AMD A8 QUAD 16gb ram opensuse 13.1

to those of you who say that linux will never get to mainstream computers, well microsoft is paying millions to pc manufacturers to put it on their pcs. but when you say you need technocal knowledge to install linux you are dead wrong.

first. at the install there is an auto option. linux takes care of everything.
second. “partition” the word is intuitive.
third. I met people who knew what their modem was and how to connect through ethernet rather than wifi.
fourth. “Yast” although the word is awkward there is an explanation to what it does and it is under configuration. “configuration” is intuitive
fifth. in this economy no one wants to dish out another 400-600 dollars to upgrade their computer. everyone knows how to burn a dvd. heck dvd movies are a standard now. so download, burn, install is very straight forward. the only thing missing in the suse download page is an explanation like this. on windows. move mouse to lower right corner>click search>type eufi>click restart> click Uefi use dvd/usb stick. and there on it’s straight forward. I think we, those who are experienced and use the more technical side of the install, need to emphasize the pluses, the ease of installation, and the fact that they can get away from the expense of reinstalling.

my dad had to upgrade office and windows because microsoft decided to end it’s windows and the ability to use office.
total expense 184 for office home and student, which has limited functions and 600 for a new computer because the old windows was eating up all the resources and freezing ( vista pro) no pro about it. on a lenovo with 4 gb ddr 333mhz 750 GB hd and quad core AMD. for all I know it could have been running a server with no issues.
total 784, which is expensive even to him, who spends $70 on a meal 4 times a week.

opensuse 13.1 and proud.

A lot of smart replies :P.

So... IMO, on many workplaces, users can use whatever they supply them
with, as long as somebody else does the maintaining, and training when
needed.

I like that one.

My experiment is that Win takes take a lot of more time to set up. Defiantly takes more time to maintain and upgrade, -and the cost. Even for “good friends that have to fix it” for private users. And on company level???

My experience started with dumb terminals . Then reading Win3.1 from a local novell server (1990) Win95. Win2000… Wan protocols and newer ones.

Today? I tried to explain already some years ago (2007) That Android will dominate. Further back I present (1993) that global communication will take places. This was only local in my mind and my country then.

It is still possibly to buy opensuse 11.4 in shop with one of the largest suppliers in Sweden. In English version. Swell About 77Euro/690 Skr… .

Regards.

I agreelol!

Not only stay SUSE or opensuse I’m also run AMD A8 on the desktop with 13.1. I direct to my main server to (AMD +a lot of RAM) heavier tasks for my needs. Thanks for your post. Lot of thoughts that I can agree whit. Cars likeness? Hmm… :X

Well my dad is born 1934 and my mother 1939. They recice a computer in the early 1990’s. To see later communication and e-mails they want a “upgrade” an they got 2001 (from me) with the children and grand (grand-grand-grand)children. Running to start with WinXp. Then later Linux (suse). My older brother who study at the university at that time as a software-engineering is unfortunately prefer MS-products.

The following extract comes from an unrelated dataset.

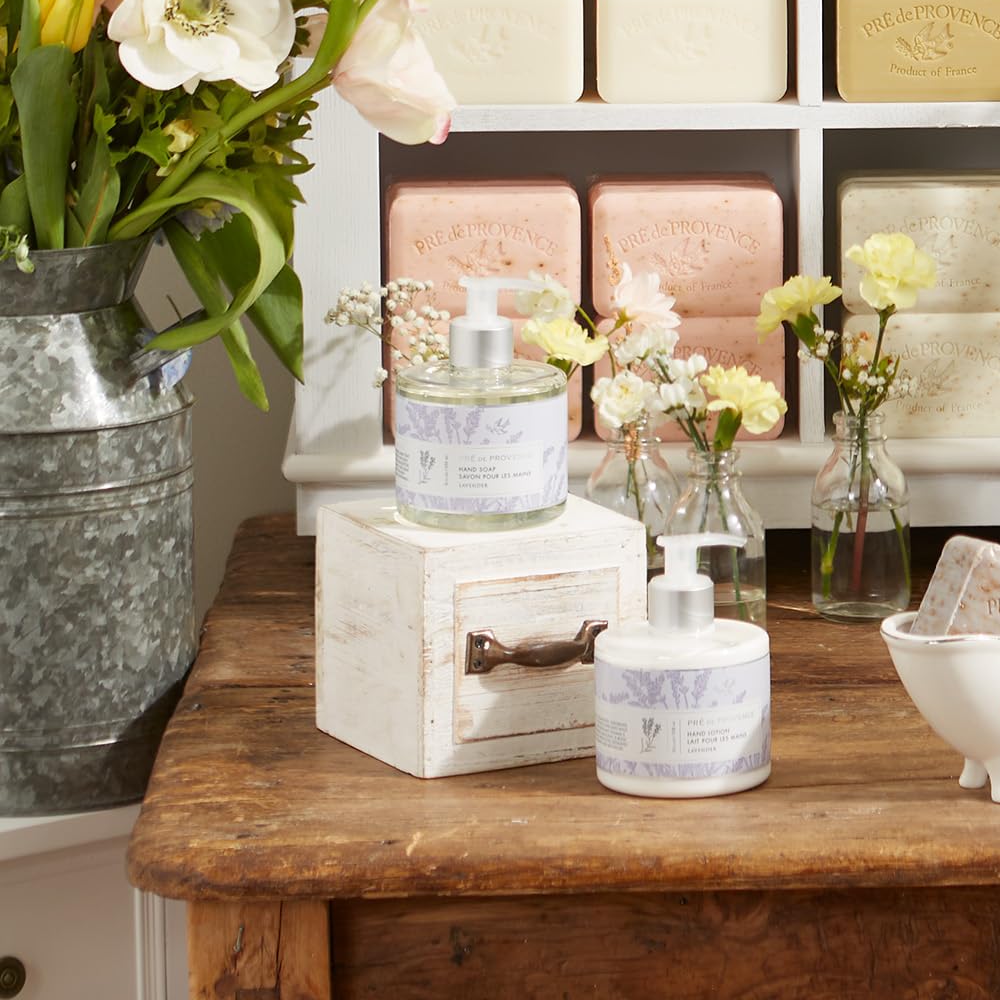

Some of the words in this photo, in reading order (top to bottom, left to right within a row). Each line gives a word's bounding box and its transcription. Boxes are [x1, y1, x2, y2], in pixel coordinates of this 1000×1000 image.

Booth me and my brother had change from the construction branch into It-business later years.

Yes we have nice (!) conversation once a month at the dinner table at my parents.

Regards.

No, it’s not. Especially to someone who has never gone beyond windows.

But, I agree with everything else you said.

On 2014-01-17 23:56, Buddlespit wrote:
>
> relay0052;2616846 Wrote:
>>
>> second. “partition” the word is intuitive.
>
> No, it’s not. Especially to someone who has never gone beyond windows.

Nope. I knew what partitions were when I only used Windows (W95). I used
them. I re sized my partitions to make space for Linux using Windows tools.

Some people know, many do not.
Some people do installations and repairs, many just use their systems
and know nothing about them, having to resource to professionals or
handy friends to do “complicated things” to their computer -
indifferently of what those computers run.


Cheers / Saludos,

Carlos E. R.
(from 12.3 x86_64 “Dartmouth” at Telcontar)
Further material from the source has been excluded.